──────── SUPPLIED DATA

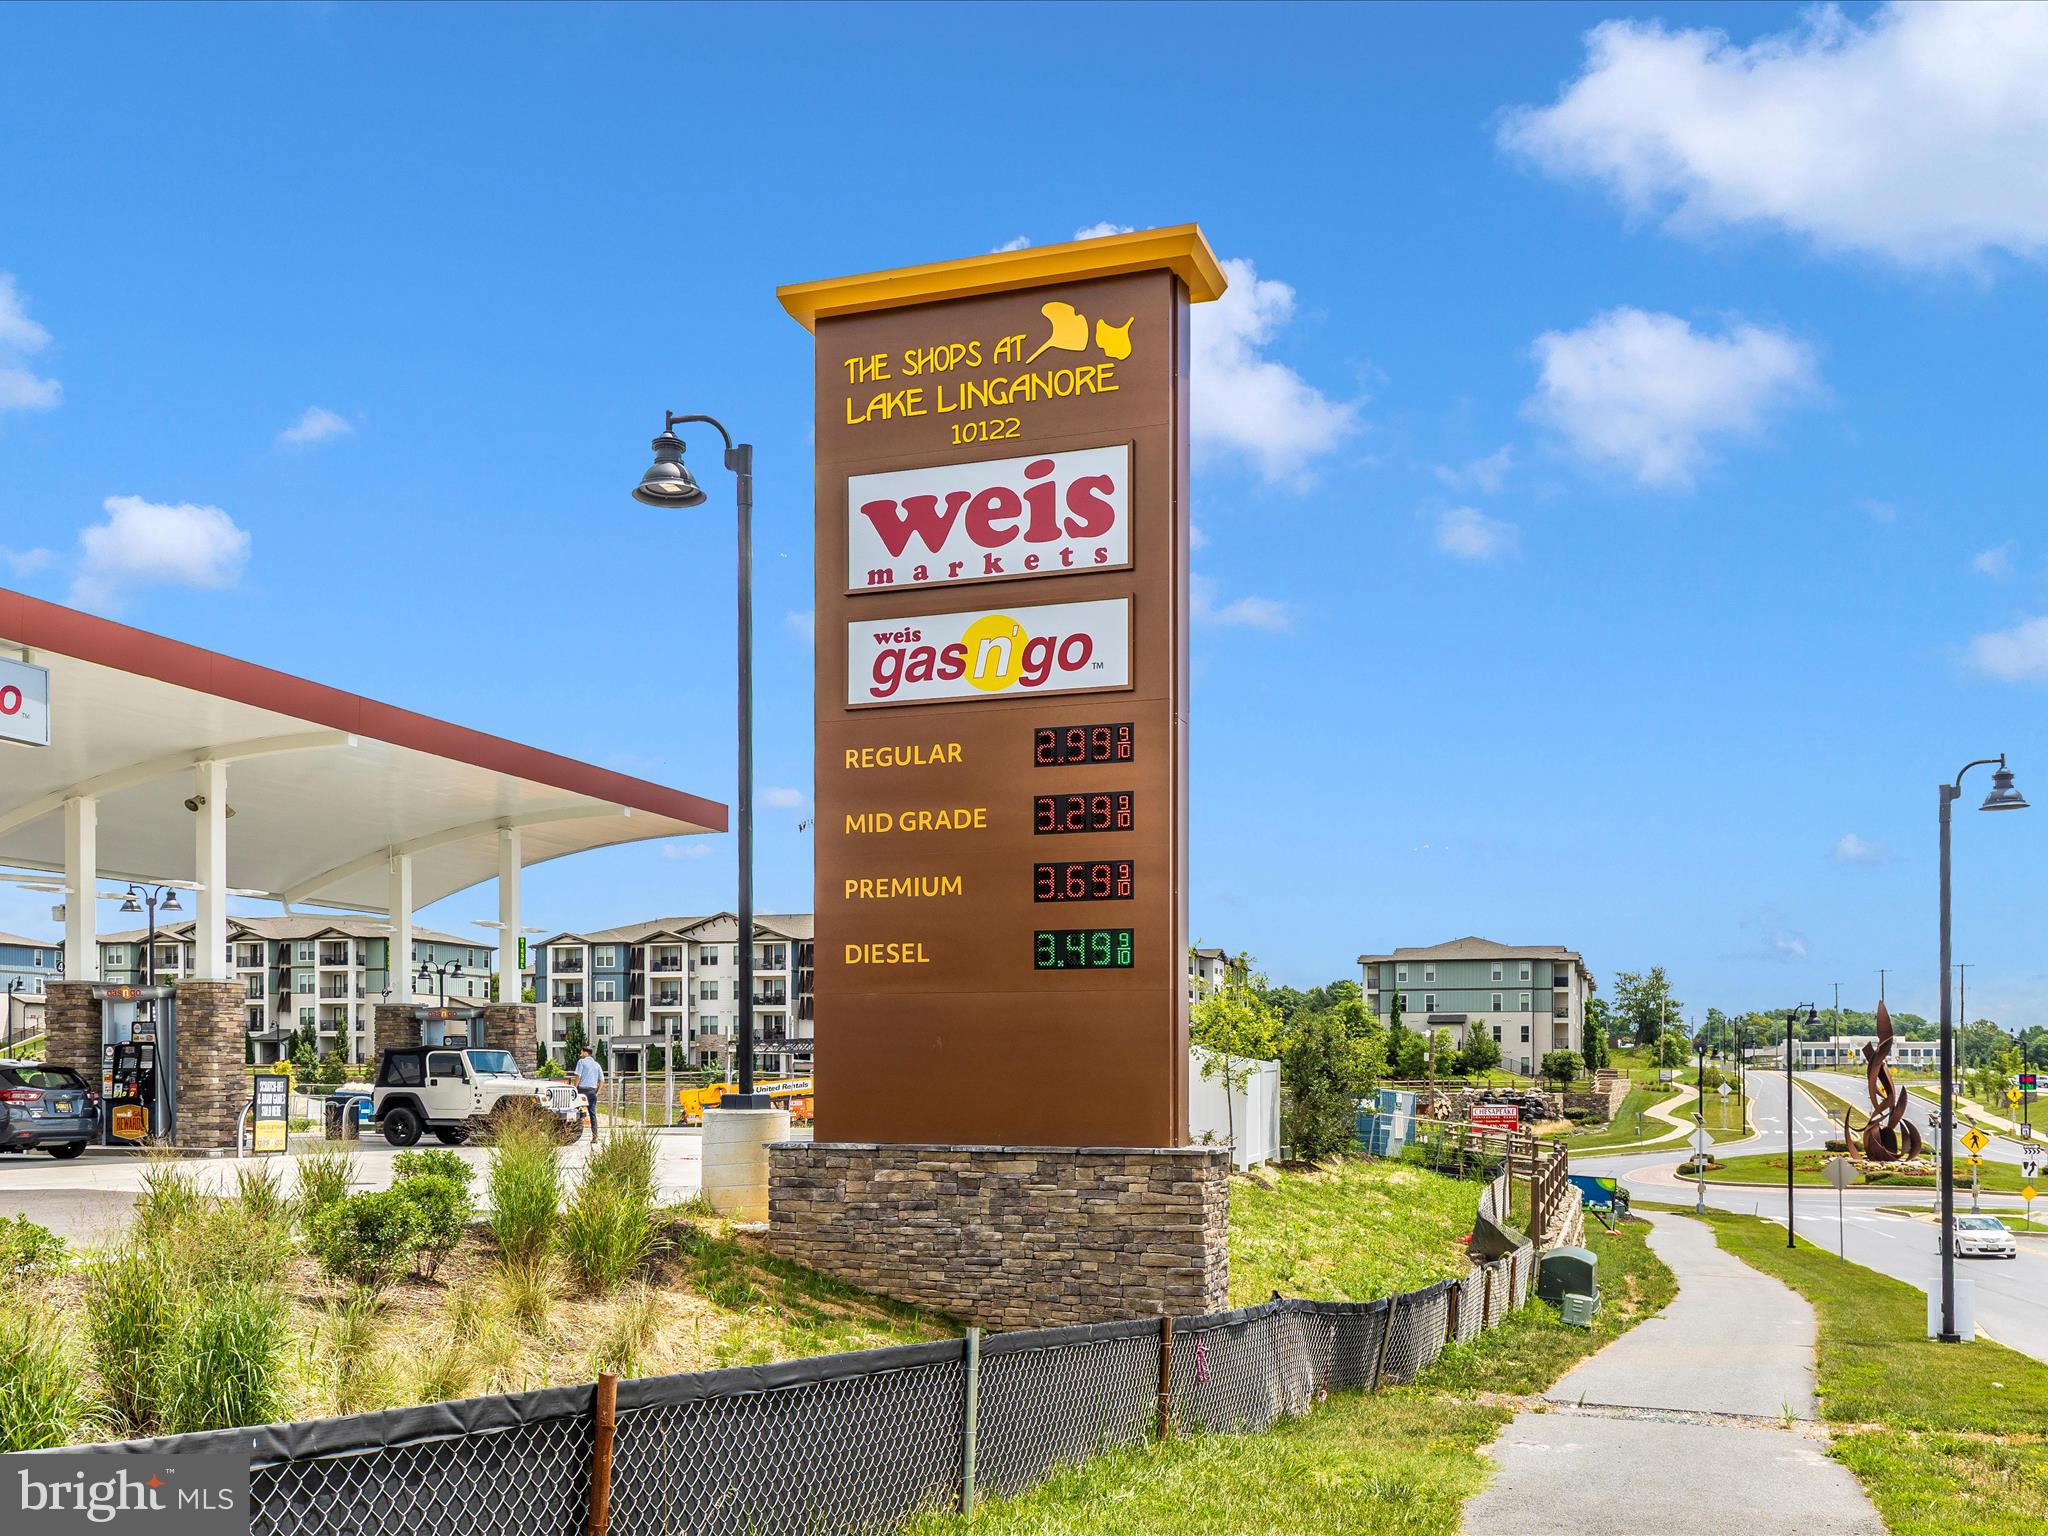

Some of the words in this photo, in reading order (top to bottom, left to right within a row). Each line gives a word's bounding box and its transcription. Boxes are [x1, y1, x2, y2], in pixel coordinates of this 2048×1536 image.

[844, 353, 892, 384] THE
[902, 340, 983, 376] SHOPS
[993, 334, 1027, 364] AT
[846, 388, 928, 425] LAKE
[937, 363, 1120, 414] LINGANORE
[951, 417, 1021, 445] 10122
[860, 458, 1116, 558] weis
[867, 546, 1109, 586] markets
[873, 626, 921, 645] weis
[845, 743, 963, 769] REGULAR
[1037, 728, 1111, 763] 2.99
[845, 813, 894, 834] MID
[899, 808, 987, 832] GRADE
[1038, 795, 1111, 831] 3.29
[845, 876, 963, 899] PREMIUM
[1038, 864, 1111, 899] 3.69
[845, 943, 930, 965] DIESEL
[1038, 932, 1111, 967] 3.49
[756, 1084, 780, 1093] United
[782, 1082, 808, 1090] Rentals

────────────────

EXERCISE OBJECTIVE:
Leaving the pictures aside, write out the entries above exactly.

SOLVED PROBLEM:
Some of the words in this photo, in reading order (top to bottom, left to right within a row). Each line gives a word's bounding box and its transcription. Boxes are [x1, y1, x2, y2], in pixel coordinates of this 2048×1536 image.

[844, 353, 892, 384] THE
[902, 340, 983, 376] SHOPS
[993, 334, 1027, 364] AT
[846, 388, 928, 425] LAKE
[937, 363, 1120, 414] LINGANORE
[951, 417, 1021, 445] 10122
[860, 458, 1116, 558] weis
[867, 546, 1109, 586] markets
[873, 626, 921, 645] weis
[845, 743, 963, 769] REGULAR
[1037, 728, 1111, 763] 2.99
[845, 813, 894, 834] MID
[899, 808, 987, 832] GRADE
[1038, 795, 1111, 831] 3.29
[845, 876, 963, 899] PREMIUM
[1038, 864, 1111, 899] 3.69
[845, 943, 930, 965] DIESEL
[1038, 932, 1111, 967] 3.49
[756, 1084, 780, 1093] United
[782, 1082, 808, 1090] Rentals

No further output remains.